Aim of the exercise => Your reply should be a faithful copy of the records below, free of pictures.

Data for this task =>
--- --- ---

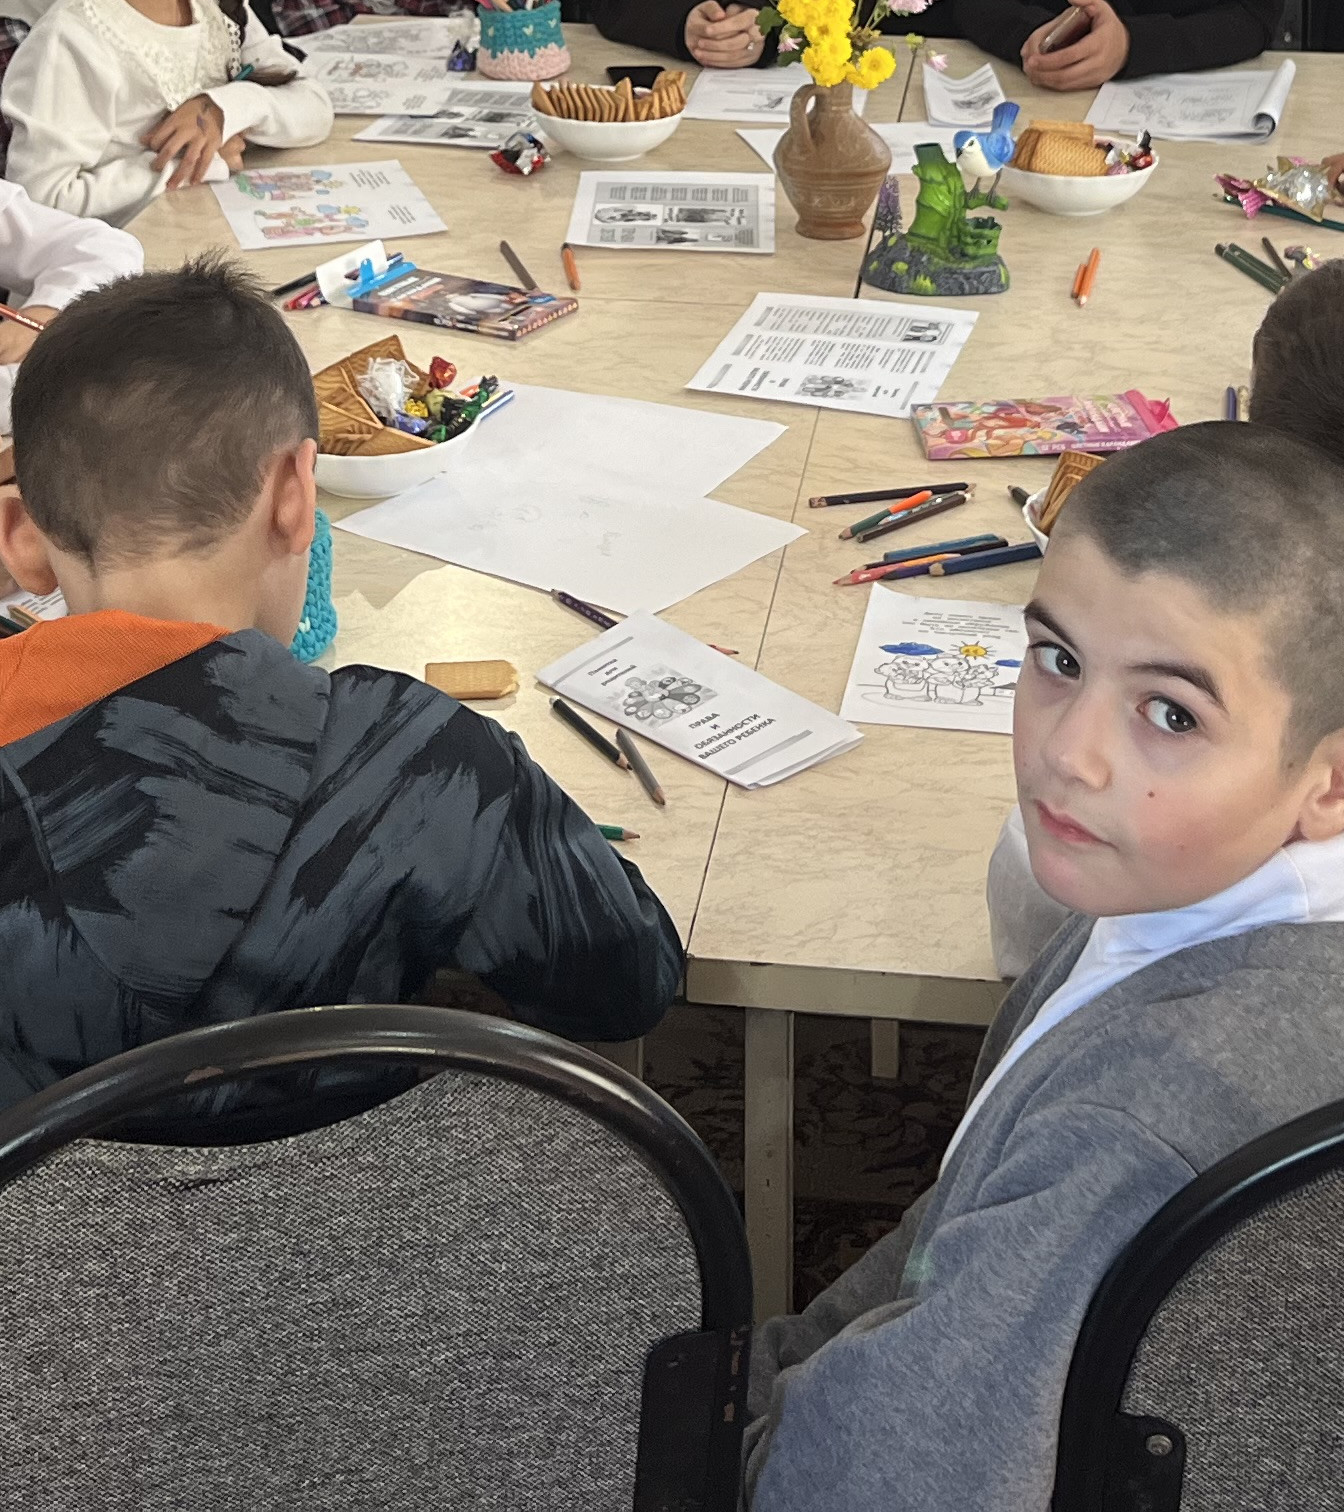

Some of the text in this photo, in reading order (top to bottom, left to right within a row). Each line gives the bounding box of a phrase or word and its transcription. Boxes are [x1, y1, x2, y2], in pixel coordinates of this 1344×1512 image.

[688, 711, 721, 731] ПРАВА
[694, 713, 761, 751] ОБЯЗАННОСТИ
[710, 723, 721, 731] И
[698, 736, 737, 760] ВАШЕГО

--- --- ---

Your solution =>
Some of the text in this photo, in reading order (top to bottom, left to right within a row). Each line gives the bounding box of a phrase or word and its transcription. Boxes are [x1, y1, x2, y2], in pixel coordinates of this 1344×1512 image.

[688, 711, 721, 731] ПРАВА
[694, 713, 761, 751] ОБЯЗАННОСТИ
[710, 723, 721, 731] И
[698, 736, 737, 760] ВАШЕГО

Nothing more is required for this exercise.